■ What is needed ■
Return the data exactly, without pictures.
═════ Data to use ═════
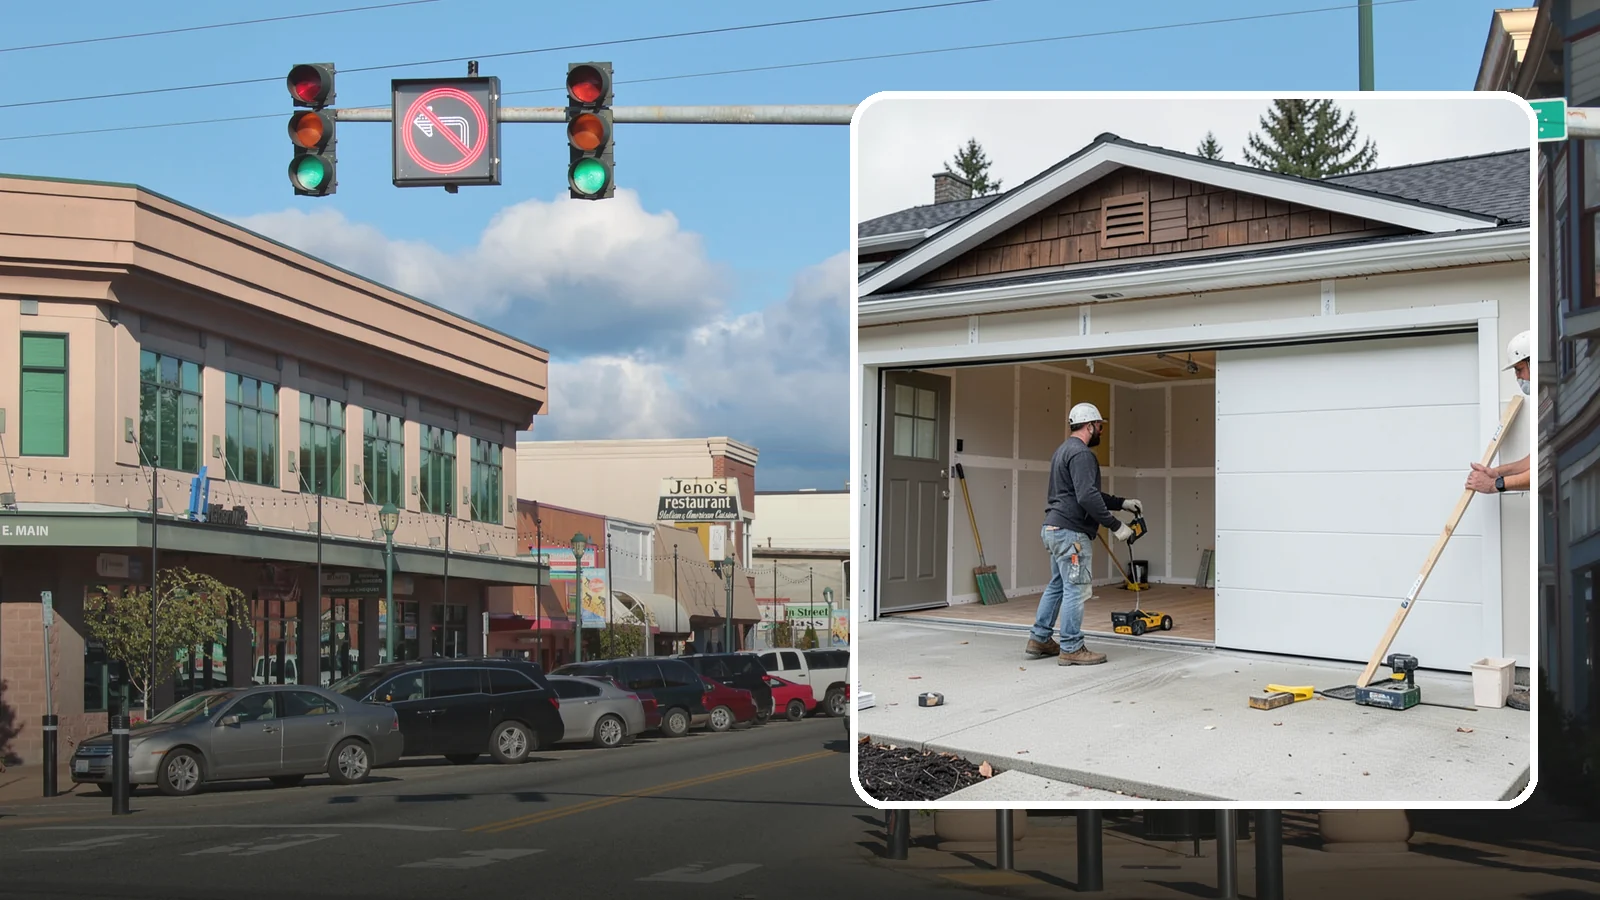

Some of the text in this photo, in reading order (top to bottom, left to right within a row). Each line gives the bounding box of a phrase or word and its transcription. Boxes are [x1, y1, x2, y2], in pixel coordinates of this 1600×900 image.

[670, 480, 727, 494] Jeno's
[665, 496, 731, 509] restaurant
[659, 510, 682, 519] Italian
[686, 510, 714, 519] American
[715, 510, 737, 519] Cuisine
[2, 525, 49, 536] E. MAIN
[797, 608, 829, 617] Street
[791, 619, 824, 627] lass
═════
■ Task result ■
Some of the text in this photo, in reading order (top to bottom, left to right within a row). Each line gives the bounding box of a phrase or word and its transcription. Boxes are [x1, y1, x2, y2], in pixel coordinates of this 1600×900 image.

[670, 480, 727, 494] Jeno's
[665, 496, 731, 509] restaurant
[659, 510, 682, 519] Italian
[686, 510, 714, 519] American
[715, 510, 737, 519] Cuisine
[2, 525, 49, 536] E. MAIN
[797, 608, 829, 617] Street
[791, 619, 824, 627] lass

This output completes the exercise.